Compared with second-generation tyrosine kinase inhibitors, asciminib was better tolerated in patients with chronic myeloid leukemia.
According to David Andorsky, MD, asciminib (Scemblix) appears to be better tolerated than second-generation tyrosine kinase inhibitors (TKIs) in those with chronic myeloid leukemia in chronic phase (CML-CP) while yielding benefits across patient subgroups.
CancerNetwork® spoke with Andorsky, medical oncologist, hematologist, and associate chair for the US Oncology Hematology Research and member of the Rocky Mountain Cancer’s Research Executive Committee, about whether there were any patient subgroups who particularly benefitted from treatment with asciminib and how the agent compared with standards of care for patients with CML-CP.
Andorsky explained that interim results from the phase 2 ASC2ESCALATE study (NCT05384587) presented at the 2024 American Society of Hematology Annual Meeting & Exposition (ASH) evaluating asciminib in CML-CP did not answer whether any particular patient subgroup benefitted from the investigational therapy.1 He then expressed that this question was better answered by the phase 3 ASC4FIRST study (NCT04971226), the results of which were also presented at ASH.2
He further explained that a tolerability benefit was observed with asciminib vs second-generation TKIs across all patient subgroups, noting that there was no single patient subgroup that benefitted more than another. He then explained that the ASC4FIRST trial also highlighted a benefit with asciminib over other standard-of-care TKIs.
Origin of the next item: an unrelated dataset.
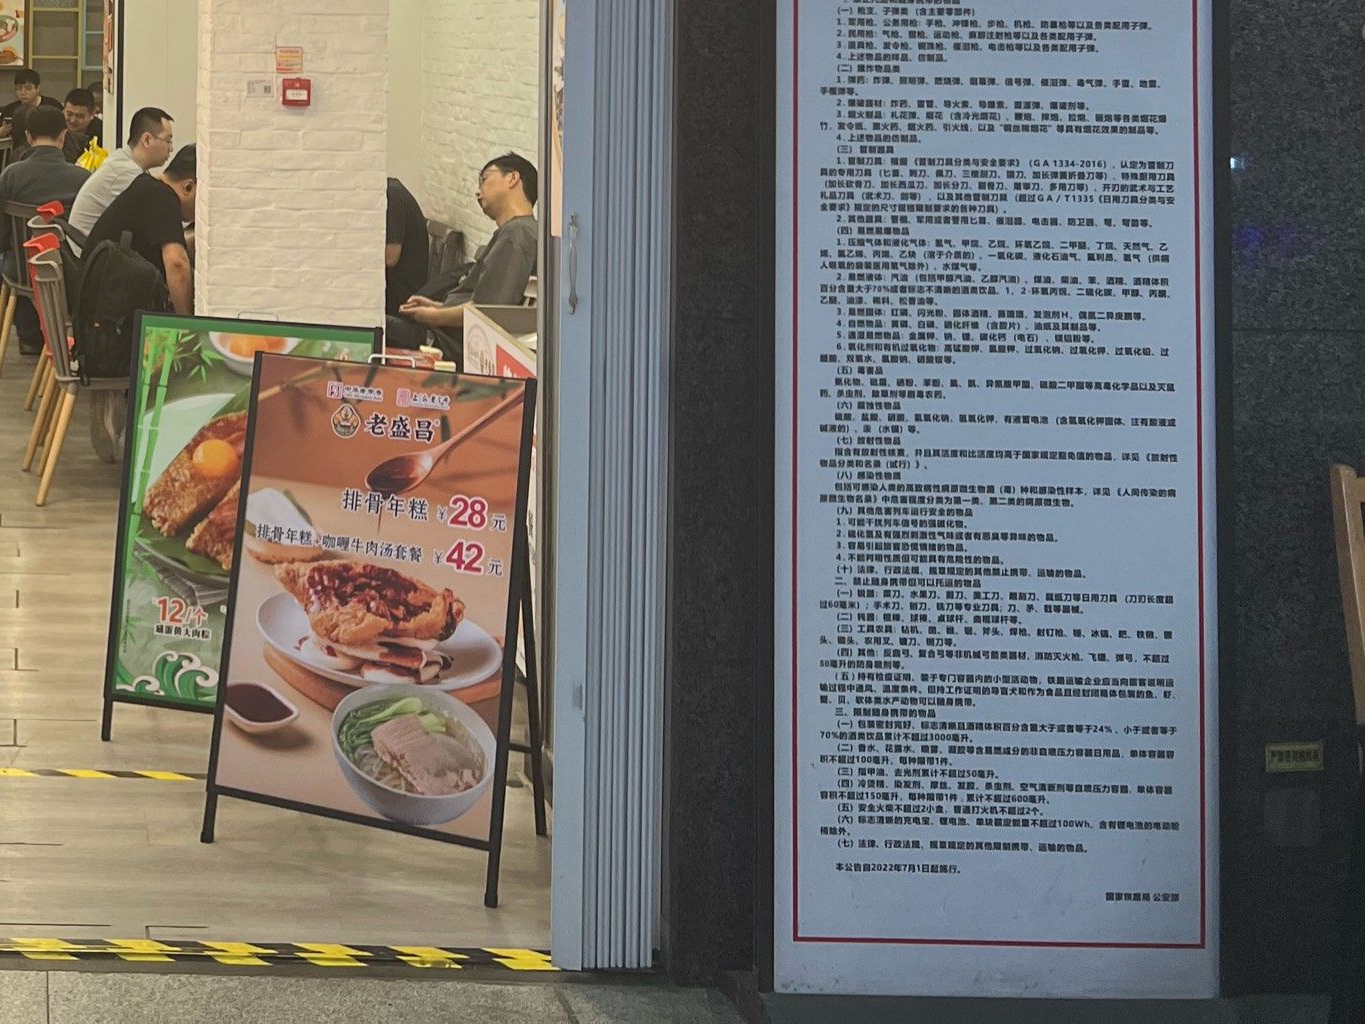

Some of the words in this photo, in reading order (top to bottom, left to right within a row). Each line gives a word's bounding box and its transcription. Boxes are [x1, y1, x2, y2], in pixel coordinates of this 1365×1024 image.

[366, 412, 435, 443] 老盛昌
[342, 488, 429, 521] 排骨年糕
According to Andorsky, asciminib attained a statistically significant advantage in molecular response over imatinib and a nonsignificant advantage over second-generation TKIs, which he stated may change with longer follow-up. He then expressed that the safety data for asciminib was favorable, citing fewer instances of grade 3 or 4 adverse events (AEs), as well as fewer treatment-related dose interruptions, reductions, or discontinuations with the investigational agent over investigator’s choice of either imatinib or second-generation TKIs.
Transcript:
[The phase 2 ASC2ESCALATE] study did not directly answer the question [of which subgroups benefitted the most]. It was a fairly small report involving 71 patients, but if you look at [the phase 3 ASC4FIRST trial], which is a much larger study that also presented follow-up data at [ASH 2024], we can see that there was benefit compared with other TKIs across the board [for factors including] gender, age, Sokal score. There is not necessarily one group of patients that is going to benefit more or less. The one thing that is nice about this medication is it is very well tolerated, [likely] better than the other TKIs [based on] the ASC4FIRST data. I think it is applicable to almost anybody.
The ASC4FIRST study looked directly at that question [of how asciminib compared with other TKIs]. These were first-line patients [who] were randomly [assigned] to receive either asciminib or the investigator’s choice of TKI, which was either going to be imatinib [Gleevec] or one of the second-generation TKIs: nilotinib [Tasigna], dasatinib [Sprycel], or bosutinib [Bosulif]. What that study showed during the first presentation we had of the data at the American Society of Clinical Oncology [ASCO] Annual Meeting this past year and now at ASH this year, is that the major molecular response rates were higher for asciminib vs imatinib in a statistically significant fashion, and also against second-generation TKIs, which did not quite reach statistical significance yet, but the gap between those 2 [treatments] is widening with longer follow-up.
[Asciminib] does appear to compare favorably to the other [TKIs] in terms of efficacy. In terms of safety, it also compares favorably. There were fewer grade 3 or 4 adverse events compared to investigator’s choice [of TKI], and also fewer treatment discontinuations, interruptions, or dose reductions of asciminib vs the other TKIs. Both appear to be, based on that data, better tolerated and potentially more efficacious.